**INPUT DATA**

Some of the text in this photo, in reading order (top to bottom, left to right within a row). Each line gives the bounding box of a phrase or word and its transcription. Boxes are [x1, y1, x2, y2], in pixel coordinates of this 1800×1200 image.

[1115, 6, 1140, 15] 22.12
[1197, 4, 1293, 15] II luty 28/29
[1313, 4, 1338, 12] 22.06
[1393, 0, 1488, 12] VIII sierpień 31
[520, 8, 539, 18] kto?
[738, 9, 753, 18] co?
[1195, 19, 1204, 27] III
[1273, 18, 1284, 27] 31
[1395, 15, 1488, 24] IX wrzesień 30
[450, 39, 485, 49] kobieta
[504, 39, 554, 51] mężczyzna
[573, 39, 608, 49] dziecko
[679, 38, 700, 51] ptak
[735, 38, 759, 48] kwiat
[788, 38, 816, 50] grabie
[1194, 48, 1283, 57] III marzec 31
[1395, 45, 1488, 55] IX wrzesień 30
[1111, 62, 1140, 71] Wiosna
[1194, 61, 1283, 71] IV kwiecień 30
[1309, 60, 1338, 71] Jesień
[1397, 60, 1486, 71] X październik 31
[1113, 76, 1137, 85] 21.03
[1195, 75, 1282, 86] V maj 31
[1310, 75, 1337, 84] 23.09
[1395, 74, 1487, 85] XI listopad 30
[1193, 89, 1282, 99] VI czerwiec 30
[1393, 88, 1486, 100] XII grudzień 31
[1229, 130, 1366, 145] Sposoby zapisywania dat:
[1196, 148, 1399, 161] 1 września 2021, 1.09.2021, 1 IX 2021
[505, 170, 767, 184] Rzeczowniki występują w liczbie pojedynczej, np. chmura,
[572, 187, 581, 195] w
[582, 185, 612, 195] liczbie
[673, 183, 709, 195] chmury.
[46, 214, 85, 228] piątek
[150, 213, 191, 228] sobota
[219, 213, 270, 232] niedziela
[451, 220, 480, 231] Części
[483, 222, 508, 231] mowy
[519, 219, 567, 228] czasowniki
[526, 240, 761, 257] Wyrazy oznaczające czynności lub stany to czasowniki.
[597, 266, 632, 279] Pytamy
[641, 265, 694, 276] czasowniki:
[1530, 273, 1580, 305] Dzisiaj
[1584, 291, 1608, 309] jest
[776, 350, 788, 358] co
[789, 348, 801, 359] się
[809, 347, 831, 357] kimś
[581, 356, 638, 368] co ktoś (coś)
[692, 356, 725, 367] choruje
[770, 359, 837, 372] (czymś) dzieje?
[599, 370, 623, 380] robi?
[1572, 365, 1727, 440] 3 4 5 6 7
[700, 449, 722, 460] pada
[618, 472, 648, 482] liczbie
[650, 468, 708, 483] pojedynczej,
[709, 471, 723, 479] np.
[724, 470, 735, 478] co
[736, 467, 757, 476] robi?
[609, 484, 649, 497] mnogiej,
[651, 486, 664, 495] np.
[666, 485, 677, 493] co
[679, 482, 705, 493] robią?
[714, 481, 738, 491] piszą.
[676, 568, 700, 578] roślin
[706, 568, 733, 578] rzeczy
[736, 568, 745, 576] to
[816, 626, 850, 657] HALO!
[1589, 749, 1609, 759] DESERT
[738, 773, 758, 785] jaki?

**WORK REQUIRED**
Every record should be retyped so that it matches the original exactly.

**WRITTEN RESPONSE**
Some of the text in this photo, in reading order (top to bottom, left to right within a row). Each line gives the bounding box of a phrase or word and its transcription. Boxes are [x1, y1, x2, y2], in pixel coordinates of this 1800×1200 image.

[1115, 6, 1140, 15] 22.12
[1197, 4, 1293, 15] II luty 28/29
[1313, 4, 1338, 12] 22.06
[1393, 0, 1488, 12] VIII sierpień 31
[520, 8, 539, 18] kto?
[738, 9, 753, 18] co?
[1195, 19, 1204, 27] III
[1273, 18, 1284, 27] 31
[1395, 15, 1488, 24] IX wrzesień 30
[450, 39, 485, 49] kobieta
[504, 39, 554, 51] mężczyzna
[573, 39, 608, 49] dziecko
[679, 38, 700, 51] ptak
[735, 38, 759, 48] kwiat
[788, 38, 816, 50] grabie
[1194, 48, 1283, 57] III marzec 31
[1395, 45, 1488, 55] IX wrzesień 30
[1111, 62, 1140, 71] Wiosna
[1194, 61, 1283, 71] IV kwiecień 30
[1309, 60, 1338, 71] Jesień
[1397, 60, 1486, 71] X październik 31
[1113, 76, 1137, 85] 21.03
[1195, 75, 1282, 86] V maj 31
[1310, 75, 1337, 84] 23.09
[1395, 74, 1487, 85] XI listopad 30
[1193, 89, 1282, 99] VI czerwiec 30
[1393, 88, 1486, 100] XII grudzień 31
[1229, 130, 1366, 145] Sposoby zapisywania dat:
[1196, 148, 1399, 161] 1 września 2021, 1.09.2021, 1 IX 2021
[505, 170, 767, 184] Rzeczowniki występują w liczbie pojedynczej, np. chmura,
[572, 187, 581, 195] w
[582, 185, 612, 195] liczbie
[673, 183, 709, 195] chmury.
[46, 214, 85, 228] piątek
[150, 213, 191, 228] sobota
[219, 213, 270, 232] niedziela
[451, 220, 480, 231] Części
[483, 222, 508, 231] mowy
[519, 219, 567, 228] czasowniki
[526, 240, 761, 257] Wyrazy oznaczające czynności lub stany to czasowniki.
[597, 266, 632, 279] Pytamy
[641, 265, 694, 276] czasowniki:
[1530, 273, 1580, 305] Dzisiaj
[1584, 291, 1608, 309] jest
[776, 350, 788, 358] co
[789, 348, 801, 359] się
[809, 347, 831, 357] kimś
[581, 356, 638, 368] co ktoś (coś)
[692, 356, 725, 367] choruje
[770, 359, 837, 372] (czymś) dzieje?
[599, 370, 623, 380] robi?
[1572, 365, 1727, 440] 3 4 5 6 7
[700, 449, 722, 460] pada
[618, 472, 648, 482] liczbie
[650, 468, 708, 483] pojedynczej,
[709, 471, 723, 479] np.
[724, 470, 735, 478] co
[736, 467, 757, 476] robi?
[609, 484, 649, 497] mnogiej,
[651, 486, 664, 495] np.
[666, 485, 677, 493] co
[679, 482, 705, 493] robią?
[714, 481, 738, 491] piszą.
[676, 568, 700, 578] roślin
[706, 568, 733, 578] rzeczy
[736, 568, 745, 576] to
[816, 626, 850, 657] HALO!
[1589, 749, 1609, 759] DESERT
[738, 773, 758, 785] jaki?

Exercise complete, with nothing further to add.